All the records below must be returned exactly as they stand.
----
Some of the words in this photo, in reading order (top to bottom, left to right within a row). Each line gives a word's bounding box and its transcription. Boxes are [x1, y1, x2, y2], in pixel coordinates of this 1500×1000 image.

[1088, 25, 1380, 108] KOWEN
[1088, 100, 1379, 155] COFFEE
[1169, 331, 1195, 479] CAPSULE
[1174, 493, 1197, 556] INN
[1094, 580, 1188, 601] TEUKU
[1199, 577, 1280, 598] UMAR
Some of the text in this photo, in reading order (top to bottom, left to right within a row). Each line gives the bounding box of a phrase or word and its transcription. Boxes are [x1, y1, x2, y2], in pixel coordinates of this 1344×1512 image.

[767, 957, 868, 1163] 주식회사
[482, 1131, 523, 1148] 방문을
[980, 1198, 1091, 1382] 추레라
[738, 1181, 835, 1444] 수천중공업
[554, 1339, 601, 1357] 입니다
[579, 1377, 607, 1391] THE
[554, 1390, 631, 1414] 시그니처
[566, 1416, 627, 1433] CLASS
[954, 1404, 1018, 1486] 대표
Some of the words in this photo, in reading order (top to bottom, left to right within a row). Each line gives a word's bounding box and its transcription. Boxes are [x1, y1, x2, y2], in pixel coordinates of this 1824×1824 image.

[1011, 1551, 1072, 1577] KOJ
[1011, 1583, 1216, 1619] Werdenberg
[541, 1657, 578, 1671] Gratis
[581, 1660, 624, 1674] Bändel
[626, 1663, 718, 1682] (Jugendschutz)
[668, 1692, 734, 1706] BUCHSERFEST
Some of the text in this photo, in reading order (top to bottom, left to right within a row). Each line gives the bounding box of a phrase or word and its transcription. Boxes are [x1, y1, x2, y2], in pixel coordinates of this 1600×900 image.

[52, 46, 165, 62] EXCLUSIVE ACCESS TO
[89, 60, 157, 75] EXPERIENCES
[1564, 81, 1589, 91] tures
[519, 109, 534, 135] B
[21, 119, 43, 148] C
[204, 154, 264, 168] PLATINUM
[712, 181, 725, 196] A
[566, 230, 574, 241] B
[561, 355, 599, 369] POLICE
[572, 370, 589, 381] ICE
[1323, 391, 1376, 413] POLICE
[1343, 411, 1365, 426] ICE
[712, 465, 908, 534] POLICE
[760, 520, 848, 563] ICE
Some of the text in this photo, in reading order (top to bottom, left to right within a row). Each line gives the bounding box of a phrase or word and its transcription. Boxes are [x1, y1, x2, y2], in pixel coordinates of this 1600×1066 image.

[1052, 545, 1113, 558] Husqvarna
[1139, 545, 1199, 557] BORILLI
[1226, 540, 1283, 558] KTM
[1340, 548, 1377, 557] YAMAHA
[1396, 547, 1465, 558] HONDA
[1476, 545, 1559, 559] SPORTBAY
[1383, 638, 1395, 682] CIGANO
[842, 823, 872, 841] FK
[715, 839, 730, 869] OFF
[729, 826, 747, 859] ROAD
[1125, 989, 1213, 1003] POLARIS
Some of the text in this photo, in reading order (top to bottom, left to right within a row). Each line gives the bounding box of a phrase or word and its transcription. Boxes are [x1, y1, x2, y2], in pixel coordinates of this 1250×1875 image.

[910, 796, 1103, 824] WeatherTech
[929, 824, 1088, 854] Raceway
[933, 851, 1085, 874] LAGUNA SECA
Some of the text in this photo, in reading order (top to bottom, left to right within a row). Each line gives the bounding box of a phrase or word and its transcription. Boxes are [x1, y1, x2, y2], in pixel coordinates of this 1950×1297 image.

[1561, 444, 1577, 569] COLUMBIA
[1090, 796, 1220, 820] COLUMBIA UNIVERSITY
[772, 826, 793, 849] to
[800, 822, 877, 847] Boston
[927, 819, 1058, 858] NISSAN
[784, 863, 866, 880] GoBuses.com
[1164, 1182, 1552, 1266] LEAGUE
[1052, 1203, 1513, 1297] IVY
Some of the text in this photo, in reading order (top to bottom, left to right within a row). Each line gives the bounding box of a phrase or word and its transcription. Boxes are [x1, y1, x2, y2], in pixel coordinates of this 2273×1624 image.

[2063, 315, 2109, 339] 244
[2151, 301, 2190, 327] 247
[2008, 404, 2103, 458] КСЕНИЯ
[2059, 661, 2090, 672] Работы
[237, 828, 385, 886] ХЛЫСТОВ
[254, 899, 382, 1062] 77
----
■ EXERCISE RESPONSE ■
Some of the words in this photo, in reading order (top to bottom, left to right within a row). Each line gives a word's bounding box and its transcription. Boxes are [x1, y1, x2, y2], in pixel coordinates of this 1500×1000 image.

[1088, 25, 1380, 108] KOWEN
[1088, 100, 1379, 155] COFFEE
[1169, 331, 1195, 479] CAPSULE
[1174, 493, 1197, 556] INN
[1094, 580, 1188, 601] TEUKU
[1199, 577, 1280, 598] UMAR
Some of the text in this photo, in reading order (top to bottom, left to right within a row). Each line gives the bounding box of a phrase or word and its transcription. Boxes are [x1, y1, x2, y2], in pixel coordinates of this 1344×1512 image.

[767, 957, 868, 1163] 주식회사
[482, 1131, 523, 1148] 방문을
[980, 1198, 1091, 1382] 추레라
[738, 1181, 835, 1444] 수천중공업
[554, 1339, 601, 1357] 입니다
[579, 1377, 607, 1391] THE
[554, 1390, 631, 1414] 시그니처
[566, 1416, 627, 1433] CLASS
[954, 1404, 1018, 1486] 대표
Some of the words in this photo, in reading order (top to bottom, left to right within a row). Each line gives a word's bounding box and its transcription. Boxes are [x1, y1, x2, y2], in pixel coordinates of this 1824×1824 image.

[1011, 1551, 1072, 1577] KOJ
[1011, 1583, 1216, 1619] Werdenberg
[541, 1657, 578, 1671] Gratis
[581, 1660, 624, 1674] Bändel
[626, 1663, 718, 1682] (Jugendschutz)
[668, 1692, 734, 1706] BUCHSERFEST
Some of the text in this photo, in reading order (top to bottom, left to right within a row). Each line gives the bounding box of a phrase or word and its transcription. Boxes are [x1, y1, x2, y2], in pixel coordinates of this 1600×900 image.

[52, 46, 165, 62] EXCLUSIVE ACCESS TO
[89, 60, 157, 75] EXPERIENCES
[1564, 81, 1589, 91] tures
[519, 109, 534, 135] B
[21, 119, 43, 148] C
[204, 154, 264, 168] PLATINUM
[712, 181, 725, 196] A
[566, 230, 574, 241] B
[561, 355, 599, 369] POLICE
[572, 370, 589, 381] ICE
[1323, 391, 1376, 413] POLICE
[1343, 411, 1365, 426] ICE
[712, 465, 908, 534] POLICE
[760, 520, 848, 563] ICE
Some of the text in this photo, in reading order (top to bottom, left to right within a row). Each line gives the bounding box of a phrase or word and its transcription. Boxes are [x1, y1, x2, y2], in pixel coordinates of this 1600×1066 image.

[1052, 545, 1113, 558] Husqvarna
[1139, 545, 1199, 557] BORILLI
[1226, 540, 1283, 558] KTM
[1340, 548, 1377, 557] YAMAHA
[1396, 547, 1465, 558] HONDA
[1476, 545, 1559, 559] SPORTBAY
[1383, 638, 1395, 682] CIGANO
[842, 823, 872, 841] FK
[715, 839, 730, 869] OFF
[729, 826, 747, 859] ROAD
[1125, 989, 1213, 1003] POLARIS
Some of the text in this photo, in reading order (top to bottom, left to right within a row). Each line gives the bounding box of a phrase or word and its transcription. Boxes are [x1, y1, x2, y2], in pixel coordinates of this 1250×1875 image.

[910, 796, 1103, 824] WeatherTech
[929, 824, 1088, 854] Raceway
[933, 851, 1085, 874] LAGUNA SECA
Some of the text in this photo, in reading order (top to bottom, left to right within a row). Each line gives the bounding box of a phrase or word and its transcription. Boxes are [x1, y1, x2, y2], in pixel coordinates of this 1950×1297 image.

[1561, 444, 1577, 569] COLUMBIA
[1090, 796, 1220, 820] COLUMBIA UNIVERSITY
[772, 826, 793, 849] to
[800, 822, 877, 847] Boston
[927, 819, 1058, 858] NISSAN
[784, 863, 866, 880] GoBuses.com
[1164, 1182, 1552, 1266] LEAGUE
[1052, 1203, 1513, 1297] IVY
Some of the text in this photo, in reading order (top to bottom, left to right within a row). Each line gives the bounding box of a phrase or word and its transcription. Boxes are [x1, y1, x2, y2], in pixel coordinates of this 2273×1624 image.

[2063, 315, 2109, 339] 244
[2151, 301, 2190, 327] 247
[2008, 404, 2103, 458] КСЕНИЯ
[2059, 661, 2090, 672] Работы
[237, 828, 385, 886] ХЛЫСТОВ
[254, 899, 382, 1062] 77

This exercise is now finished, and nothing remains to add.